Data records
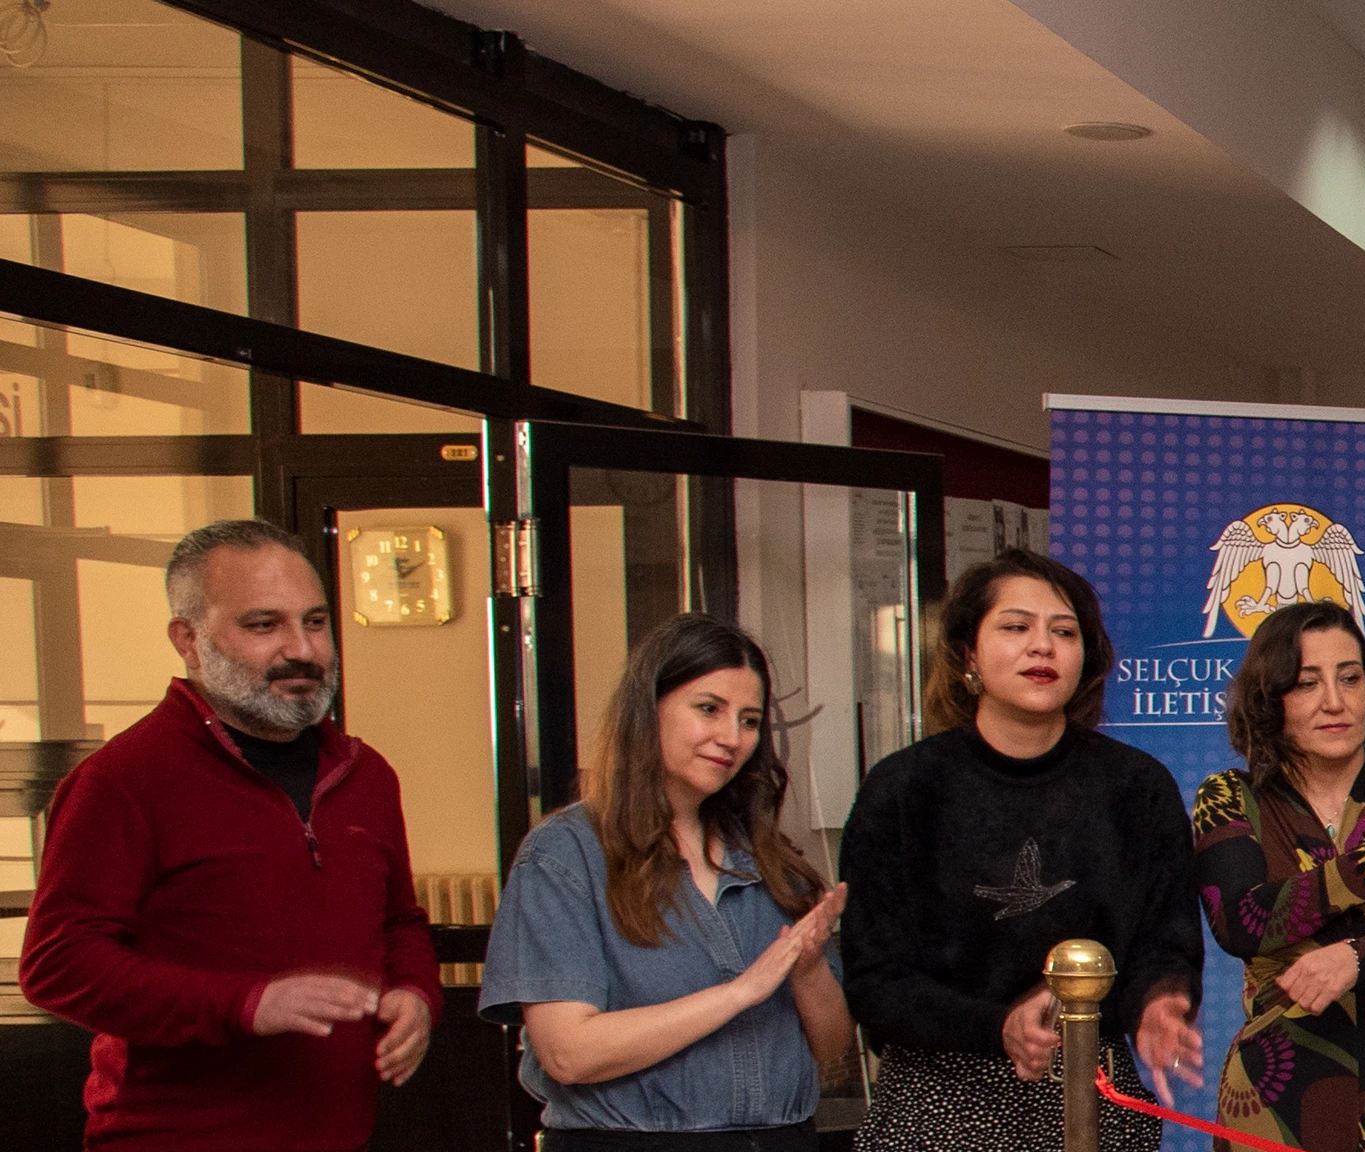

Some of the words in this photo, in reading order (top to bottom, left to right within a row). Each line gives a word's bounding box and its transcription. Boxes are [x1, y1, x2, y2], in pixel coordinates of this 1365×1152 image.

[379, 541, 391, 553] 11
[395, 536, 408, 549] 12
[415, 540, 421, 552] 1
[366, 555, 379, 567] 10
[428, 553, 436, 565] 2
[361, 571, 370, 583] 9
[436, 569, 444, 582] 3
[369, 590, 378, 602] 8
[430, 588, 439, 600] 4
[385, 600, 393, 613] 7
[401, 604, 410, 616] 6
[416, 600, 425, 613] 5
[1117, 658, 1236, 687] SELÇUK
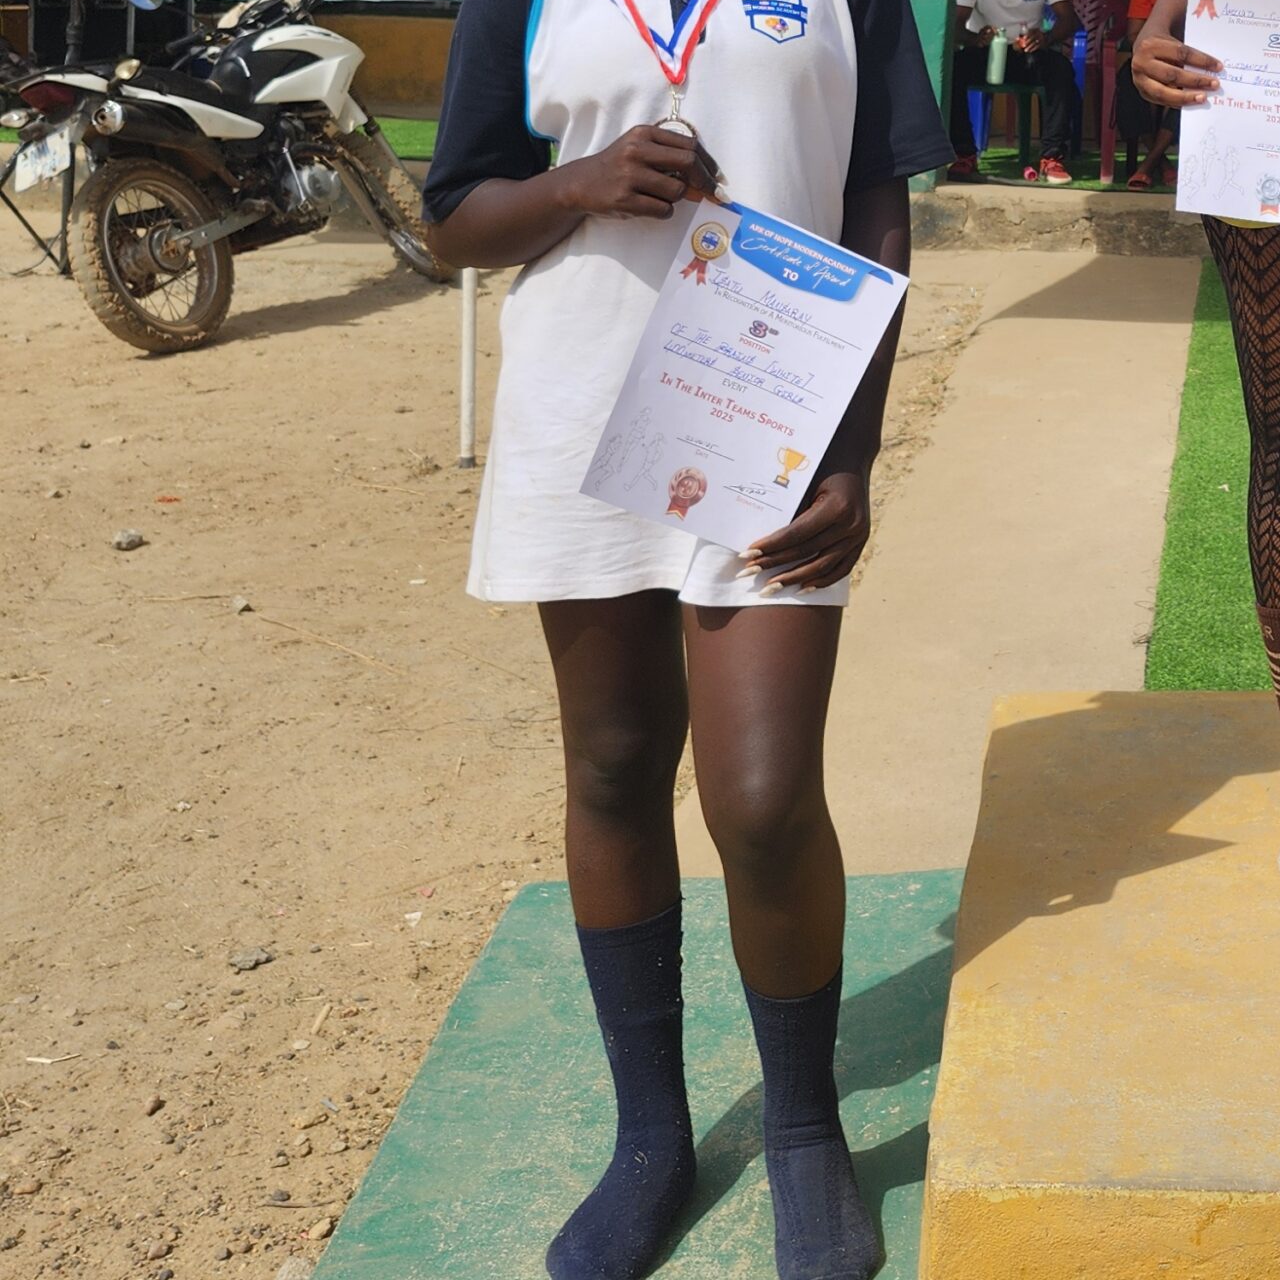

_Work to be completed_
With the pictures omitted, print each line of the data above precisely as given.

_Solution for this problem_
Some of the words in this photo, in reading order (top to bottom, left to right within a row). Each line gives a word's bounding box and its transcription. Boxes are [x1, y1, x2, y2], in pixel coordinates of this 1365×1152 image.

[379, 541, 391, 553] 11
[395, 536, 408, 549] 12
[415, 540, 421, 552] 1
[366, 555, 379, 567] 10
[428, 553, 436, 565] 2
[361, 571, 370, 583] 9
[436, 569, 444, 582] 3
[369, 590, 378, 602] 8
[430, 588, 439, 600] 4
[385, 600, 393, 613] 7
[401, 604, 410, 616] 6
[416, 600, 425, 613] 5
[1117, 658, 1236, 687] SELÇUK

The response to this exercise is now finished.